# [GIVEN RECORDS]
^^^^

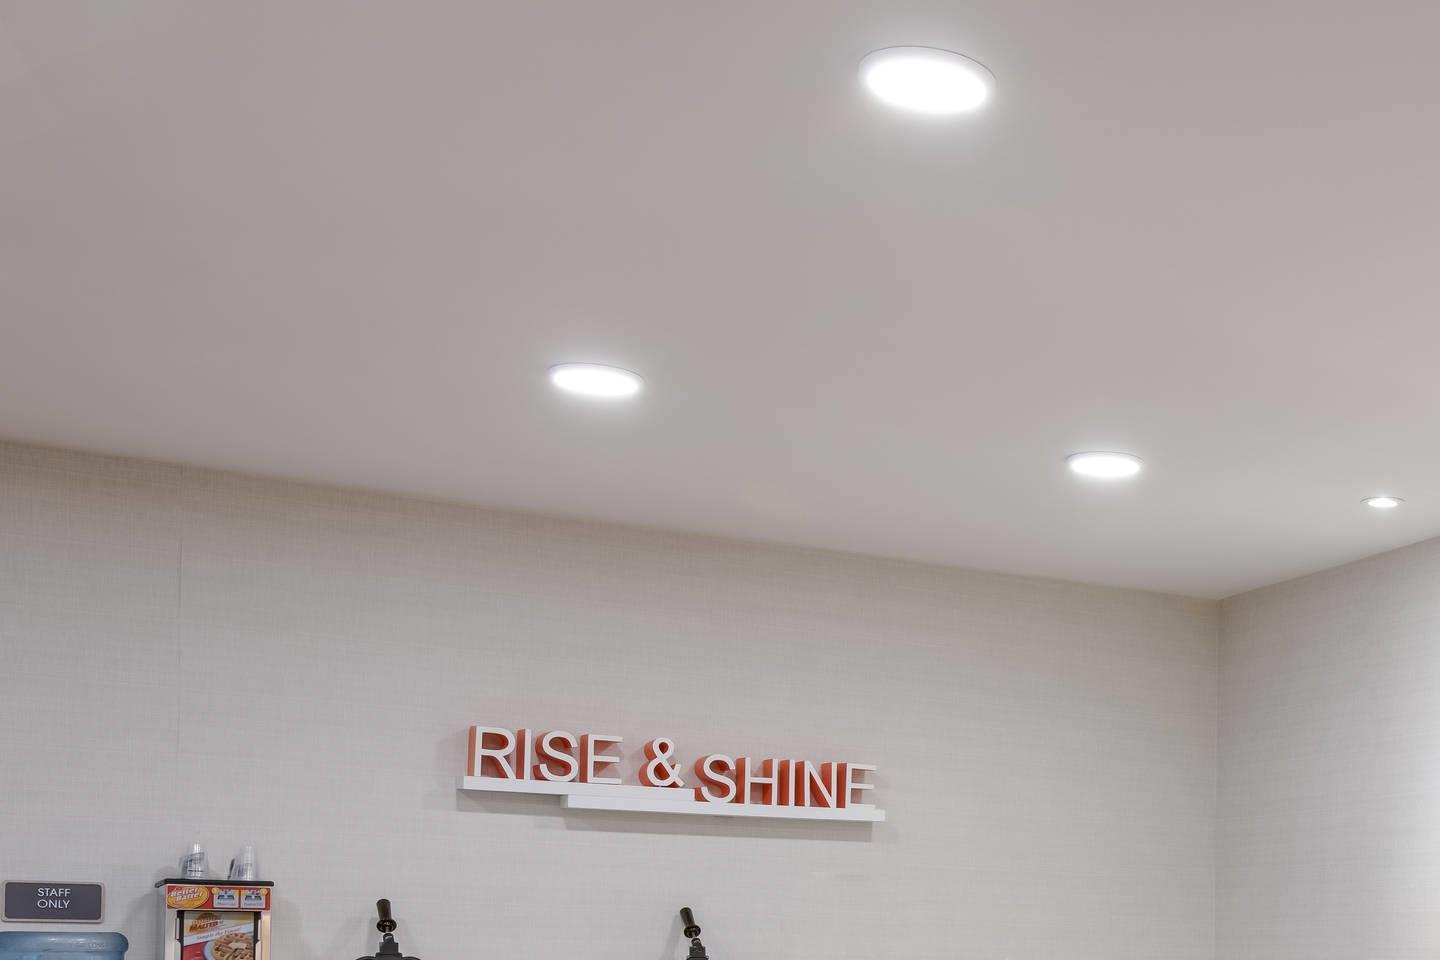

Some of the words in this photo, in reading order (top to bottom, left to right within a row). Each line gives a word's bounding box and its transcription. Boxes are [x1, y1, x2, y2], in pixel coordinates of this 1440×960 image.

[468, 726, 624, 785] RISE
[638, 737, 685, 788] &
[694, 753, 877, 809] SHINE
[37, 888, 71, 897] STAFF
[37, 899, 70, 909] ONLY
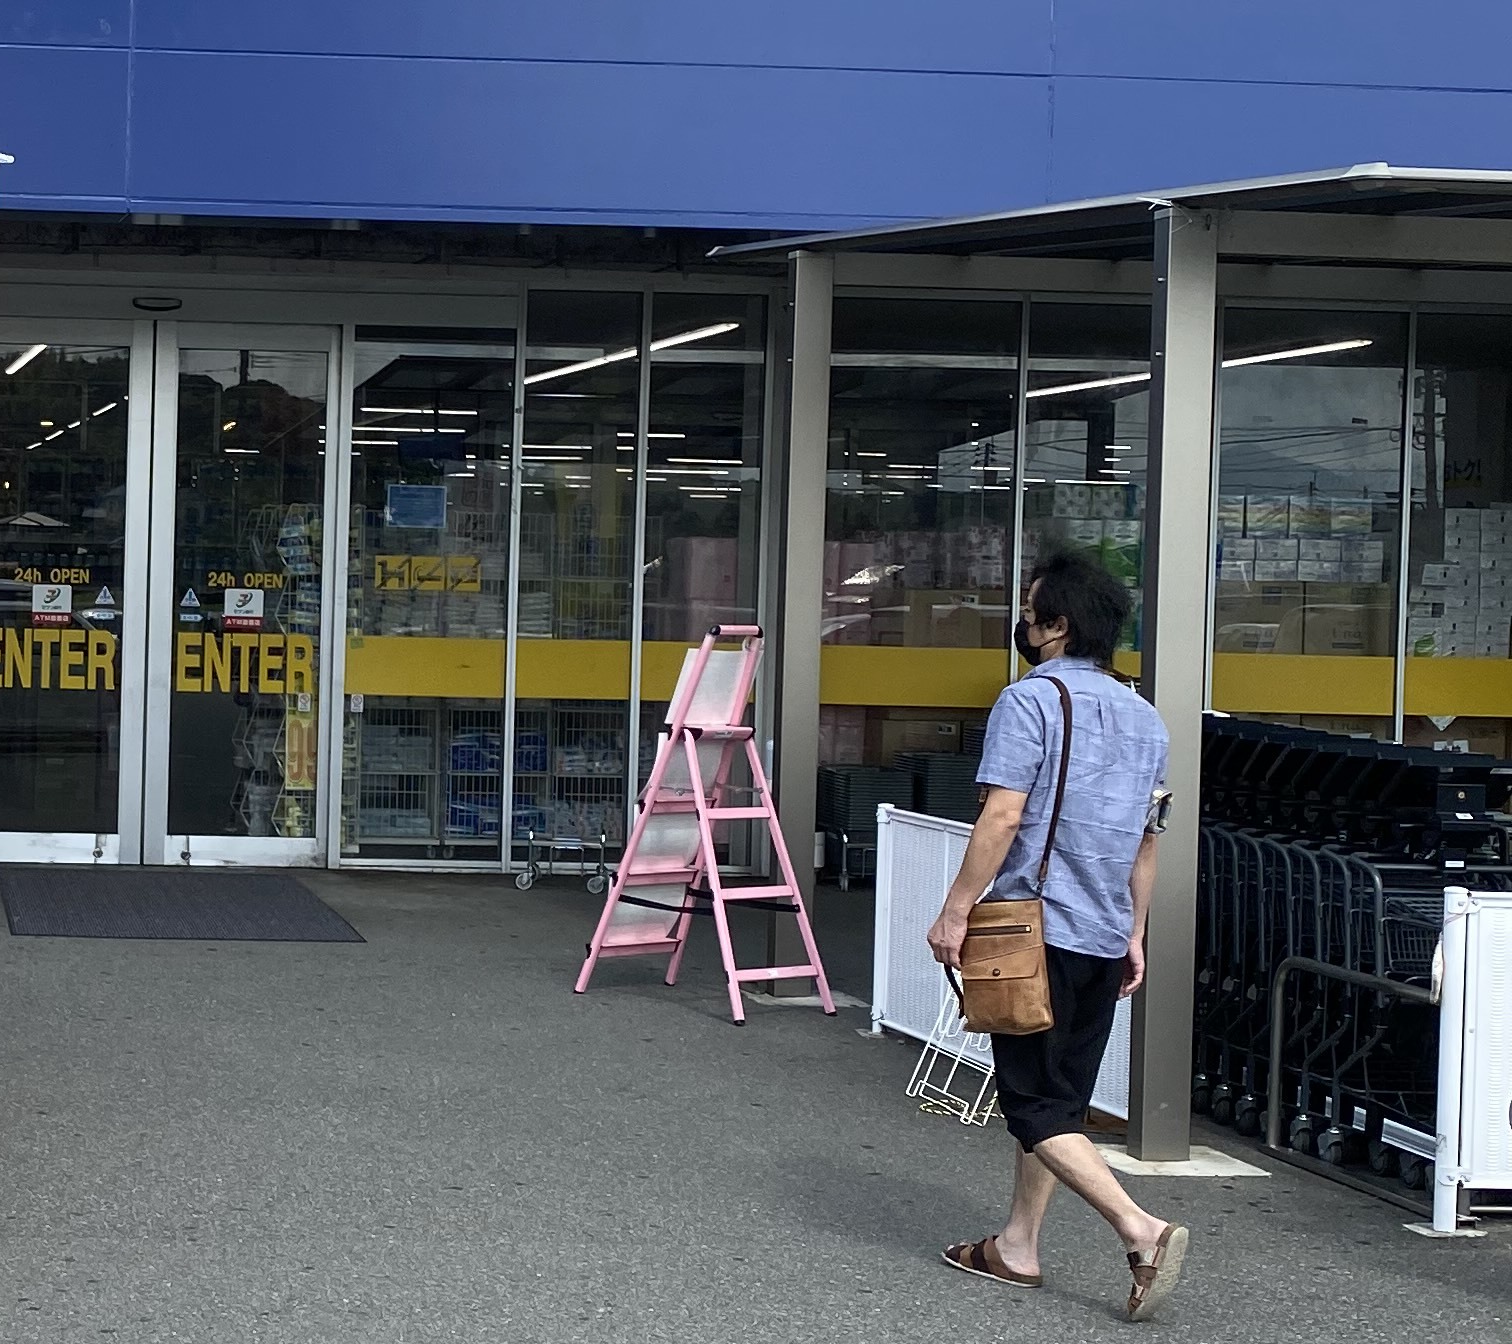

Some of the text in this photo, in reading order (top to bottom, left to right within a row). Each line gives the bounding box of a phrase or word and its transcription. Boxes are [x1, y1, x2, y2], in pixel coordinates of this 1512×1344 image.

[14, 568, 90, 584] 24h OPEN
[208, 572, 283, 588] 24h OPEN
[176, 632, 314, 694] ENTER
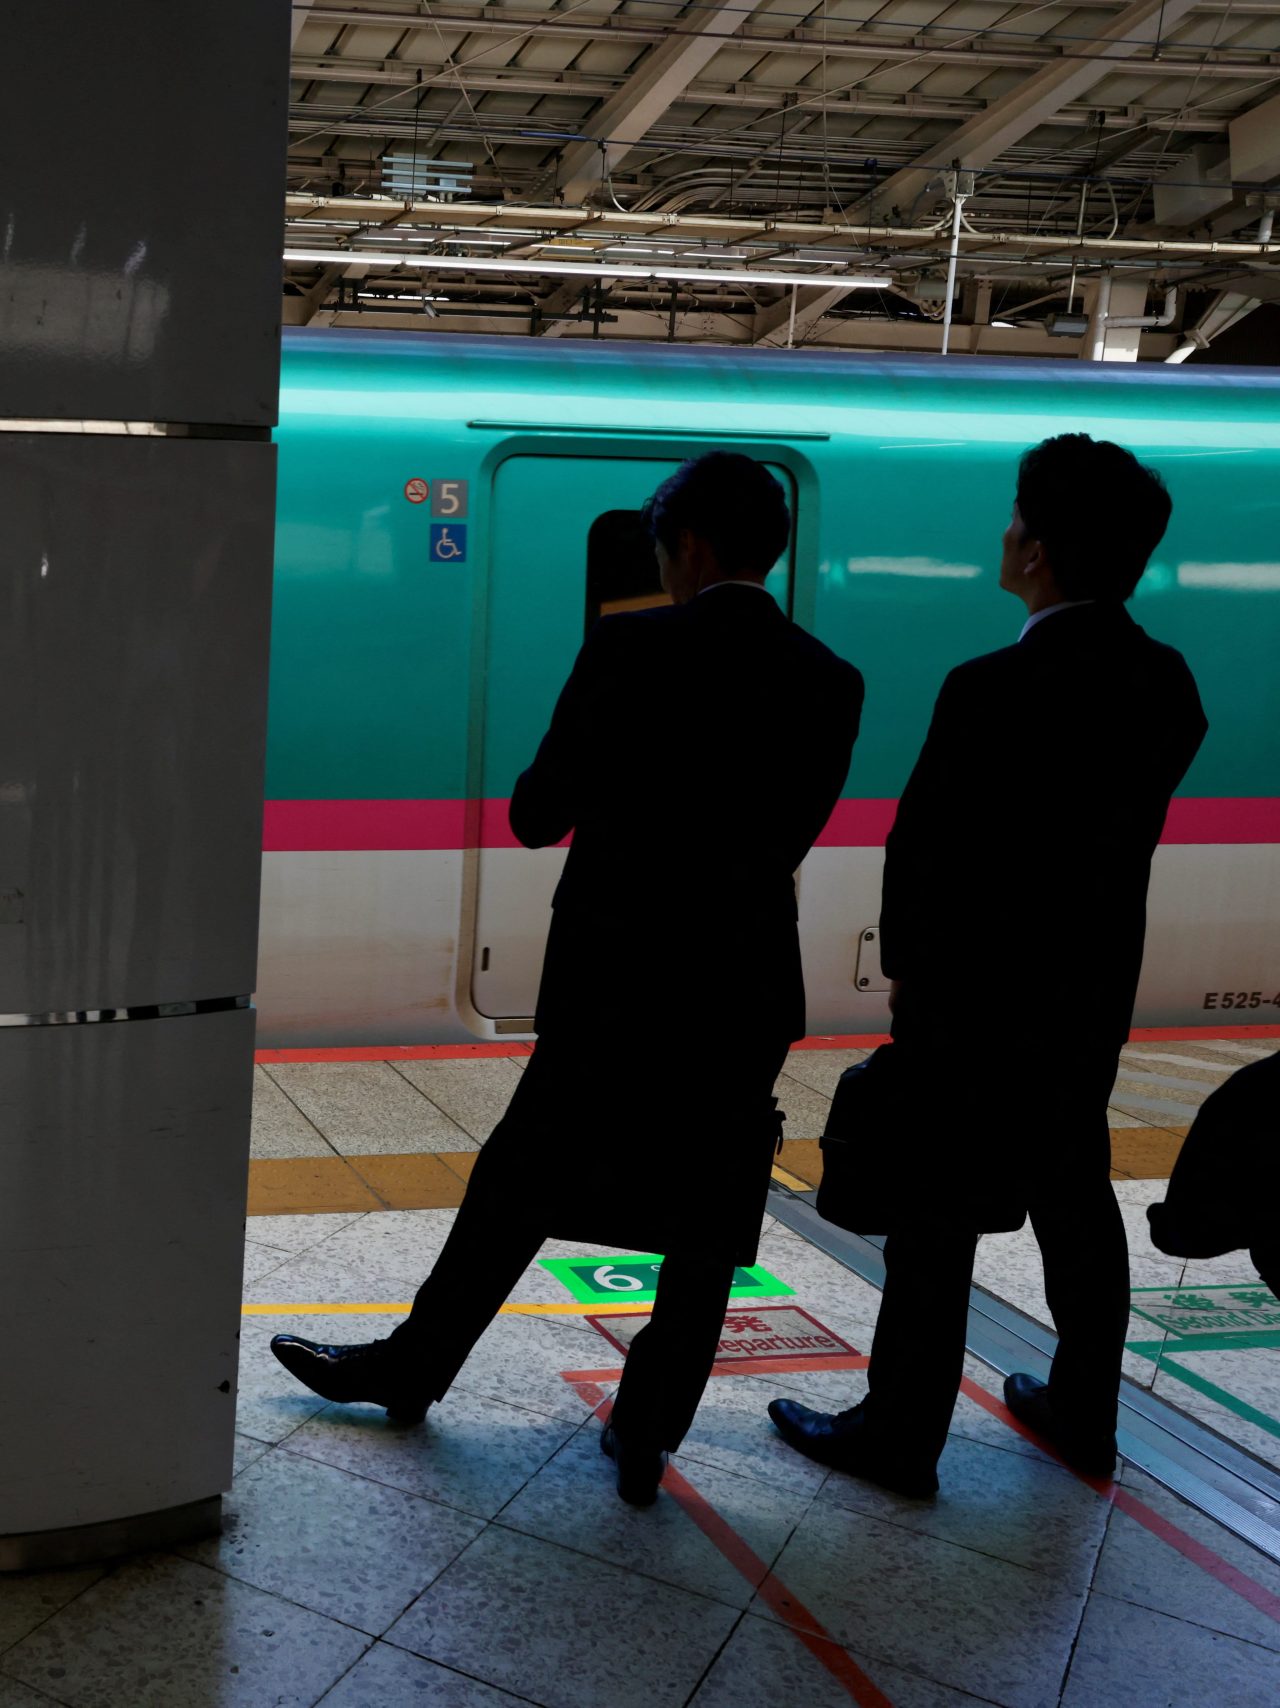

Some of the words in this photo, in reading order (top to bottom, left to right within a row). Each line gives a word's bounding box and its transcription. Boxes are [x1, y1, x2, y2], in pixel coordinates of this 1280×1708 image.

[440, 483, 460, 514] 5
[593, 1265, 644, 1292] 6
[1157, 1311, 1255, 1330] Second
[713, 1335, 837, 1356] eparture

^^^^

Only one thing belongs in the reply: the exact lines of the listing above, from the one with "this 1280×1708 image." through its last line.

# [FINAL ANSWER]
Some of the words in this photo, in reading order (top to bottom, left to right within a row). Each line gives a word's bounding box and its transcription. Boxes are [x1, y1, x2, y2], in pixel coordinates of this 1280×1708 image.

[440, 483, 460, 514] 5
[593, 1265, 644, 1292] 6
[1157, 1311, 1255, 1330] Second
[713, 1335, 837, 1356] eparture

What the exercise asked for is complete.